Le PS et sa » vision morale « .
Pressé sur sa gauche, le PS fait feu de tout bois pour relayer ou allumer ce malaise social, avec un ton quasiment révolutionnaire, à l’image de sa campagne virale » injuste.be « . Son statut de principal parti francophone et le bilan de l’ère Di Rupo lui confèrent toutefois une responsabilité particulière. » Le PS a la volonté manifeste de développer un sentiment de haine à l’égard de « l’axe du mal » MR/N-VA, analyse Nicolas Baygert, professeur de communication politique à l’Ihecs. C’est préoccupant sur le plan démocratique. Elio Di Rupo s’érige en défenseur d’une vision morale dont lui seul serait le garant. Il tente d’imposer une vision manichéenne de la société et d’augmenter la fracture entre le gouvernement fédéral et les corps intermédiaires, les syndicats, le monde associatif… Le message, c’est : il y a quelqu’un, au 16, qui vous veut du mal. C’est une forme de guérilla permanente, laissant penser que tous les moyens sont bons pour faire tomber la majorité. C’est un message extrêmement destructeur pour la politique dans son ensemble. »

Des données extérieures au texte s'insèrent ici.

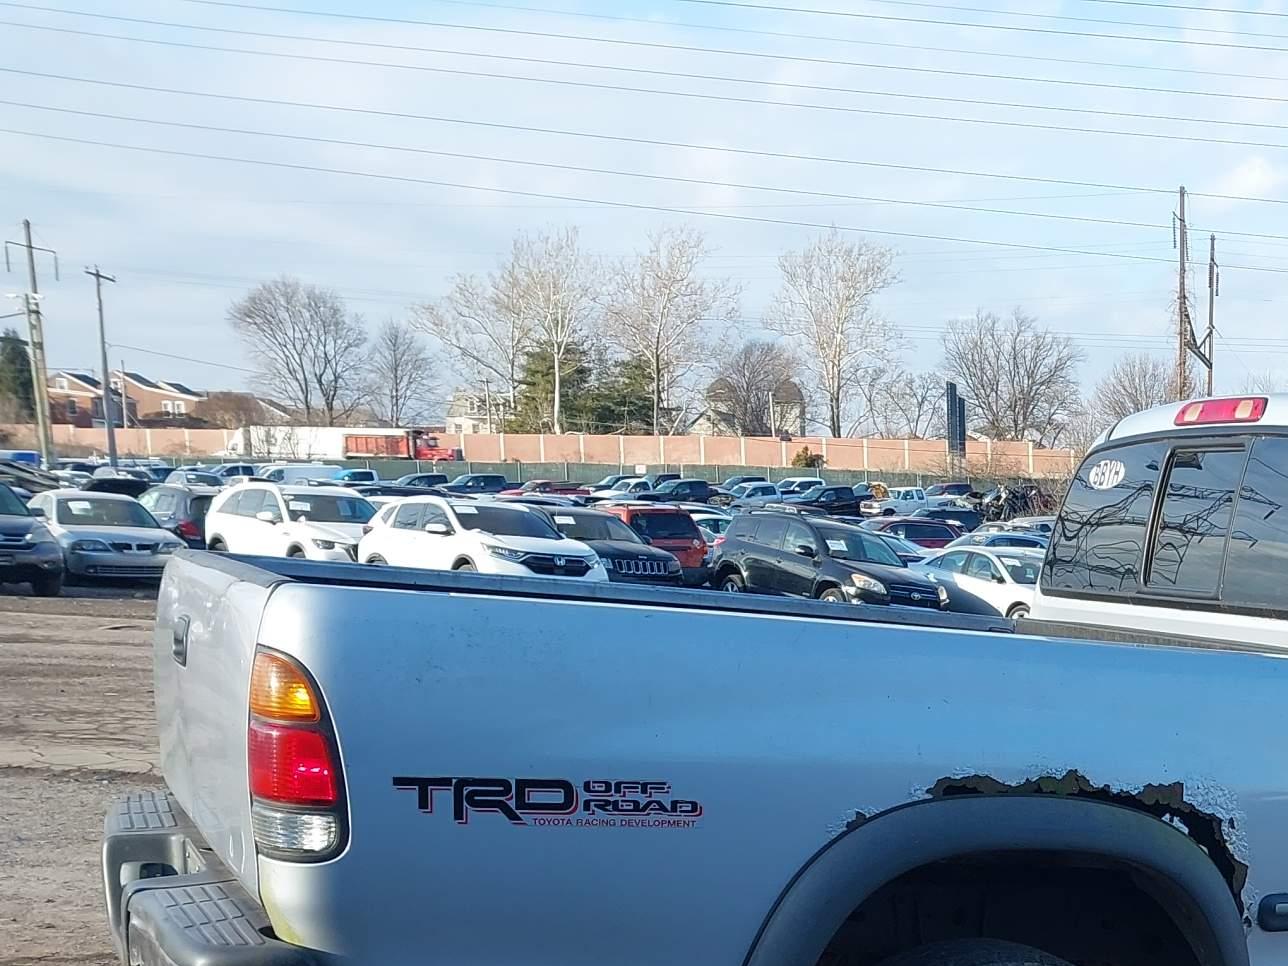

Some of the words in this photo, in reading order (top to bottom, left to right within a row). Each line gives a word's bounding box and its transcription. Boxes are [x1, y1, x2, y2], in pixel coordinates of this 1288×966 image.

[583, 780, 671, 797] OFF
[392, 776, 578, 825] TRD
[582, 799, 702, 816] ROAD
[532, 817, 573, 827] TOYOTA
[576, 818, 616, 828] RACING
[620, 819, 697, 829] DEVELOPMENT

» Les Flamands ont été marqués par la façon très dure dont Laurette Onkelinx a mené l’opposition à la Chambre, prolonge Nicolas Bouteca, politologue à l’université de Gand. Cela donne l’image d’une opposition strictement communautaire, même si je peux entendre Elio Di Rupo quand il assure que ce n’est pas son intention. Les actions syndicales sauvages donnent par ailleurs l’impression que seuls les syndicats wallons font grève, même si ce n’est pas la réalité. Cela nourrit l’idée défendue par la N-VA selon laquelle nous vivons dans deux démocraties séparées. » » Le fédéral devient un terrain d’affrontement entre les deux communautés, acquiesce Nicolas Baygert. Ce que font les leaders francophones, c’est jouer la partition voulue par Bart De Wever. On mine le terrain sur lequel on peut s’entendre. »
Nicolas Bouteca constate d’ailleurs une attitude beaucoup plus nuancée au nord du pays : » En Flandre aussi, la gauche essaie de se faire entendre pour dénoncer les politiques de la majorité. Mais la grande majorité silencieuse approuve cette coalition pour laquelle elle a d’ailleurs voté et est consciente de la nécessité des économies annoncées, sans être forcément contente du saut d’index. La majorité des gens sont convaincus que quelque chose doit se passer pour maintenir le système à flot. »
» Les libertés menacées »
Ce climat délétère nourrit les velléités de riposte souhaitée au sein de certains partis de la majorité, N-VA en tête mais avec des relais sincères au MR : tout doit être fait pour couper durablement le PS du pouvoir fédéral, voire pour limiter à l’avenir la » capacité de nuisance » des syndicats.
Non sans arrogance, le parti nationaliste flamand entend d’ailleurs capitaliser sur le mécontentement suscité au sein de la population par cette agitation sociale. » Les actions syndicales ne peuvent pas se faire au détriment des contribuables « , commentait à la Chambre une de ses nouvelles députées, Inez De Coninck, suite aux grèves sauvages à la SNCB. » Si la FGTB utilise la violence comme moyen d’action, alors je dis qu’il faut lui donner la personnalité juridique « , souligne la députée Zuhal Demir. La remise en cause du statut des syndicats est une longue croisade de la droite décomplexée et pourrait davantage encore mettre le feu aux poudres. » Dès lors que les syndicats se mettent à briser des vitres au quartier général du MR, cela témoigne d’une irresponsabilité qui mène à ce genre de discussions « , constate le vice-Premier ministre Open VLD Alexander De Croo dans l’entretien qu’il a accordé au Vif/L’Express (lire pages 20 et 21).
Marc Goblet (FGTB) s’étrangle quand on lui en parle : » Si le gouvernement ajoute cette provocation en plus, il doit s’attendre à autre chose que de l’agitation sociale, menace-t-il. De même, s’il s’attaque au service minimum dans les services publics, il y aura une réaction de l’ensemble des secteurs. Ce faisant, il baissera le masque et on verra clairement que c’est un gouvernement qui remet en cause les libertés, dans une logique sécuritaire. Il faut d’ailleurs s’inquiéter quand on voit que la N-VA est à la tête d’un ministère de la Sécurité et de l’Intérieur. »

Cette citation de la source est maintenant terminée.